A gripping programme that goes from light to depth of emotion

Hellen Weiss: Kodály, Ligeti

Hellen Weiss: Kodály, Ligeti

The Strad Issue: December 2020

Description: A gripping programme that goes from light to depth of emotion

Works: Kodály: Sonata for Solo Cello op.8; Duo for Violin and Cello op.7. Ligeti: Sonata for Solo Cello

Musicians: Hellen Weiss (violin) Gabriel Schwabe (cello)

Catalogue number: NAXOS 8.574202

This is a delectable selection, moving by stages from the more ‘friendly’ sound of Kodály’s folk-inspired but markedly classical Duo to the disorientating double-stopped glissandos of Ligeti’s otherwise clean solo cello sonata and eventually the full scordatura schizophrenia of Kodály’s masterpiece. The playing is nothing if not highly considered, which itself amplifies the idea of a collapsing world order that takes root as the album proceeds.

Folk music is the pivot.
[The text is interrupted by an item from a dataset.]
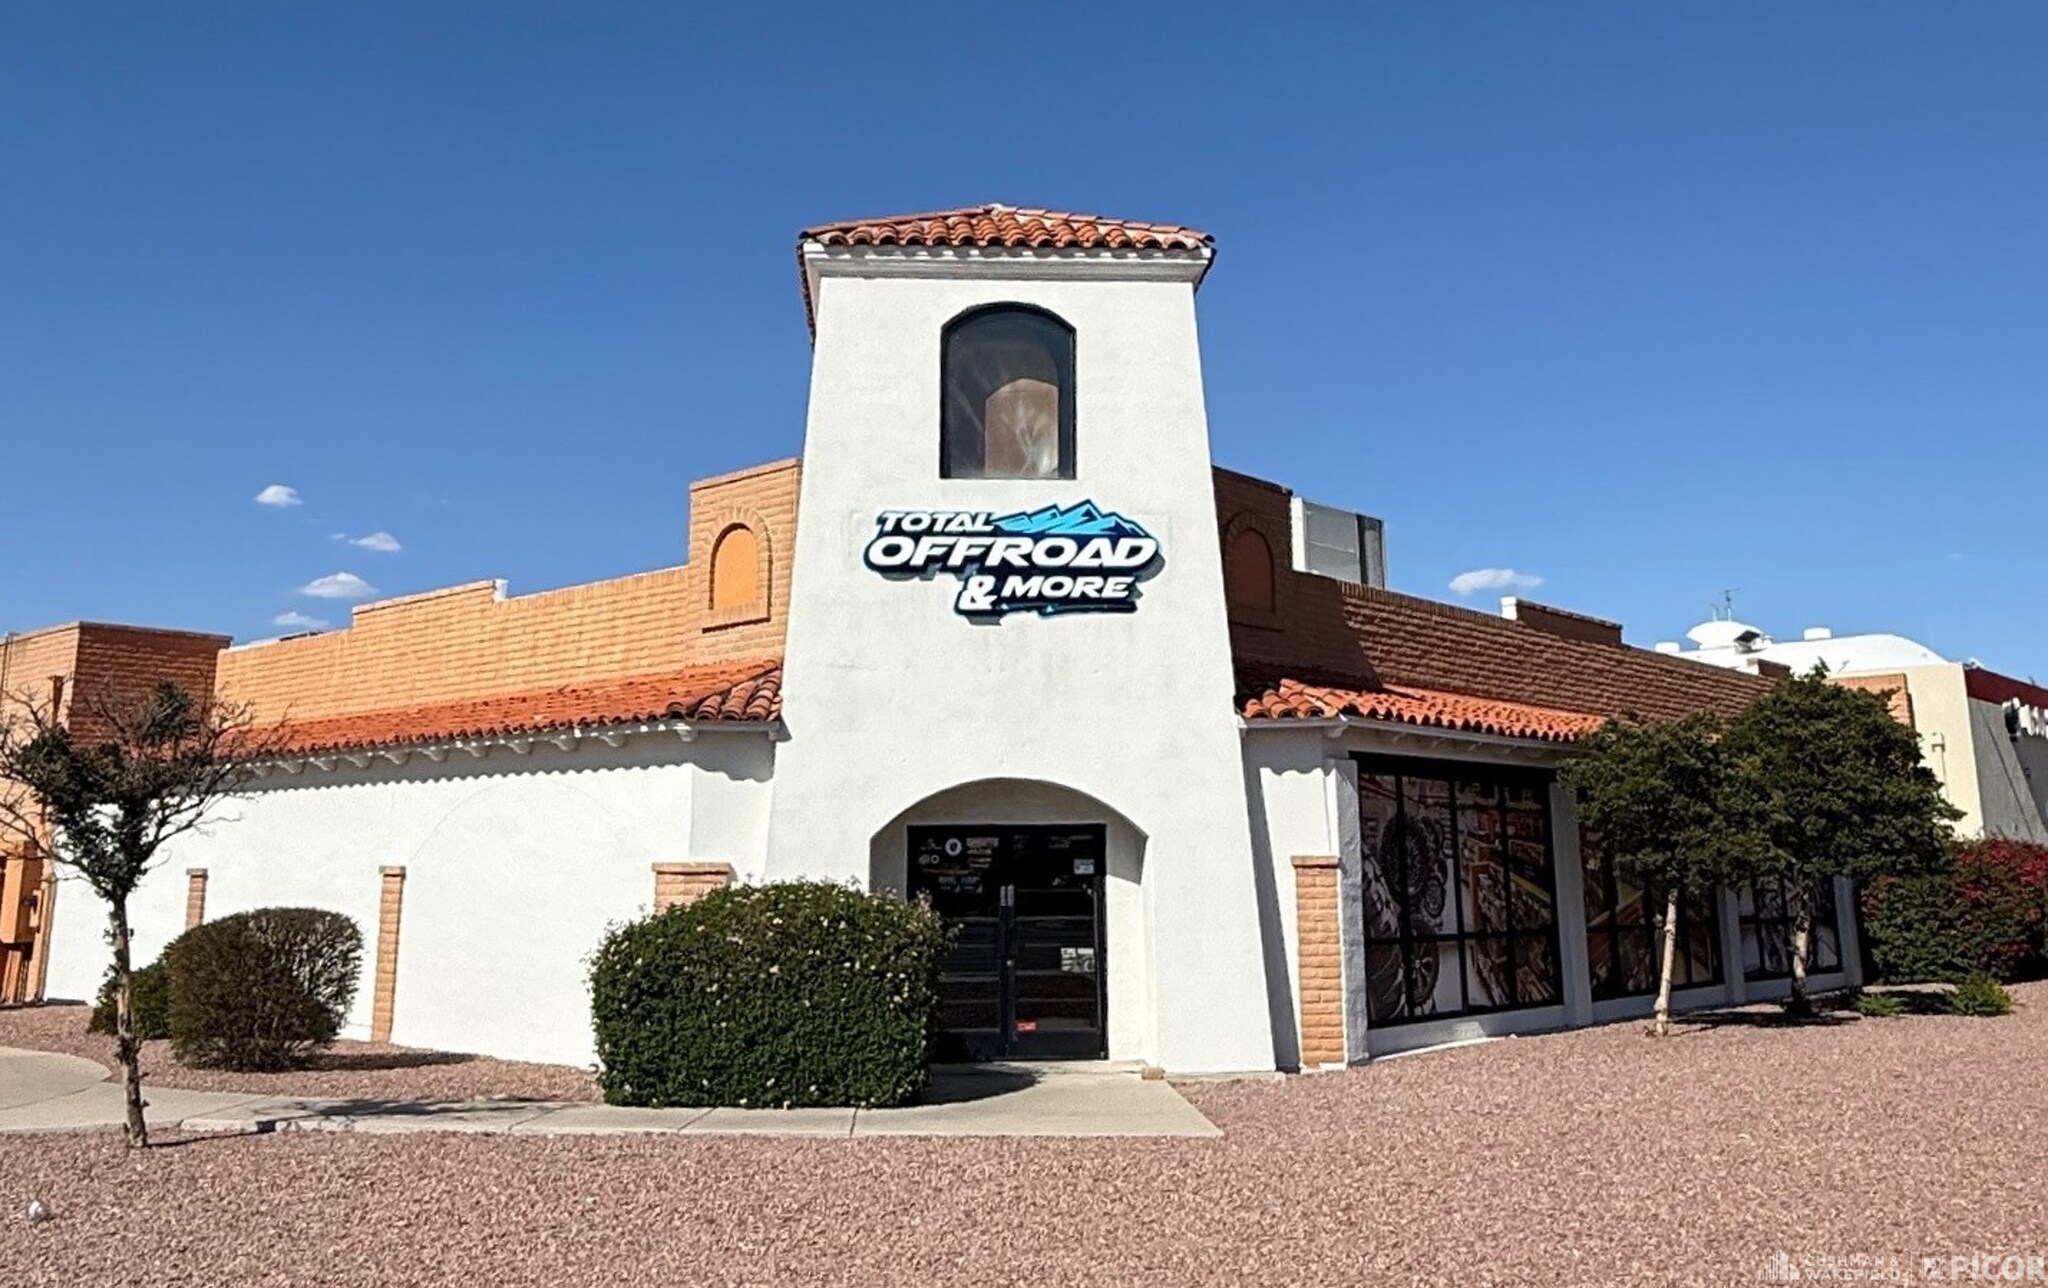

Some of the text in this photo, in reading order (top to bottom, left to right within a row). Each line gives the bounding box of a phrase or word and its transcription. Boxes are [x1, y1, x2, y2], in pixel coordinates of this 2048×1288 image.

Kodály pits different speeds against one another in the verbunkos dances of his Duo, which gets a performance more soulful than urgent here but one that is quite captivating. Two fine instruments (Weiss’s 1698 Gofriller and Schwabe’s Guarneri ‘filius Andreae’) and a third in the form of the heavenly acoustic of Bremen’s wood-panelled Sendesaal make for something very special when recorded as well as this. Weiss is able to conjure regret, anguish and black humour in counterpoint to Schwabe’s peaty sound.

In the Ligeti, Schwabe releases the lyricism in both the tunes and the bluesy glissandos, but could do more with the contrast in the second movement between motoric energy and otherworldly harmonics. He wastes no time trying to ape the scale of János Starker and others in the Kodály solo sonata, instead getting down among the details from the off. There is no intensity missing, but it’s here that steadiness, contrast and command start to wobble as they didn’t before. But if you’re not going to go all out in this piece, when can you?